On the other hand, at this point swine flu is not as deadly as the Spanish flu.  As of this writing, no one outside of Mexico has died from it.  In fact, most have been only mildly ill.  And the world has a stock of anti-viral drugs to combat swine flu should it turn out to be seriously virulent.

So perhaps this is one mega-worry we will be able to discard.  Experts say we should know just what we are dealing with in no more than a couple of weeks.

April 7, 2009

Delaying the undesirable inevitable

Before reading this post, you might find it interesting to ask two questions:  

  • If you were faced with a terminal illness, would you direct your doctor or medical carer to use mechanical ventilation or resuscitation in order to survive a few more days?  a few more weeks?  a few months?  if so, why?  or why not?  
  • Are you someone who believes in God and trusts that his will is what is best?  or are you someone who doesn’t believe in God, or if you do, that he is not involved in what happens to us on an individual basis?
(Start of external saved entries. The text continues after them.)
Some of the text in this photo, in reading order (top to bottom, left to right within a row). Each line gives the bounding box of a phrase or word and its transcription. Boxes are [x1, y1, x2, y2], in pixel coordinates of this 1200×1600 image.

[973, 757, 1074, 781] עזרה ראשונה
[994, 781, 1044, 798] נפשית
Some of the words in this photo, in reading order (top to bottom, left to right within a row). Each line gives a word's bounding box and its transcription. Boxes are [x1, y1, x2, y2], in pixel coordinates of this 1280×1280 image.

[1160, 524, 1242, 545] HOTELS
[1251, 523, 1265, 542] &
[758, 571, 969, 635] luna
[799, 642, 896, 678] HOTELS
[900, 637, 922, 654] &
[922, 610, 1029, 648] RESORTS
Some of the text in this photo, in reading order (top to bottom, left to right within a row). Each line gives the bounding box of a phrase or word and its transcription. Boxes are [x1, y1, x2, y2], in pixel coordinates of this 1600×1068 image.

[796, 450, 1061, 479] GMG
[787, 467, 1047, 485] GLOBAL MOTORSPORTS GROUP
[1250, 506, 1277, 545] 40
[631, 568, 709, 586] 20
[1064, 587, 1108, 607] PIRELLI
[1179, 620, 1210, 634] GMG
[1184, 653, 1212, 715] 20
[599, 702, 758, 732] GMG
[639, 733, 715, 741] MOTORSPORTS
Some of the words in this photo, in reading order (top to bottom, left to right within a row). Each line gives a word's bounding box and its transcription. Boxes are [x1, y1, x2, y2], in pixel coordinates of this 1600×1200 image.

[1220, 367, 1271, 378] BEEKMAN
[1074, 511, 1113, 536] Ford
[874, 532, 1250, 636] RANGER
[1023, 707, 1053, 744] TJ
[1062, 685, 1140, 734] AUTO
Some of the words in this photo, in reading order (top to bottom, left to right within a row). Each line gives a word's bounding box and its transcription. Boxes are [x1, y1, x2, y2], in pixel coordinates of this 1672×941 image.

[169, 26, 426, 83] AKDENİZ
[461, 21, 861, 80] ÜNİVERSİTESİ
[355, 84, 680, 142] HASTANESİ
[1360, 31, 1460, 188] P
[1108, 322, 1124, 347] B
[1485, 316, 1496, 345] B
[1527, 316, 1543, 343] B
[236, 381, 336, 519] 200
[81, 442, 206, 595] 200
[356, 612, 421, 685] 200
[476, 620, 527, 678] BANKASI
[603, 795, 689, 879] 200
Research into attitudes of patients with terminal cancer at the Dana-Farber Cancer Institute in Boston found that people with religious beliefs were significantly more likely than people who described themselves as atheists to ask for aggressive intervention to prolong their lives.  Patients were advised that interventions like mechanical ventilation and resuscitation could be both unpleasant and futile, but that did not seem to influence a patient’s decision either way.

I can’t say I’m actually as surprised as some at the results.  Most people seem to assume that religious believers have more faith in God’s will and life after death, and therefore more apt to accept what happens to them than non-believers.  

But my experience is that people who think that living is intrinsically valuable in itself whatever happens after we die often face death with greater equanimity.  

Unfortunately, the research does not report on the reasons that people gave for opting for or against intervention.  I’d find it most interesting to know.  

It is worth noting that the great majority of people – as many as 90% – whether their consider themselves religious or not, do not opt for extreme interventions.

In case you haven’t guessed or are asking what I would do, I’m a strong non-interventionist.  So were both my parents, both of whom were told their cancer was terminal.  And who bucked the trend by being strong religious believers.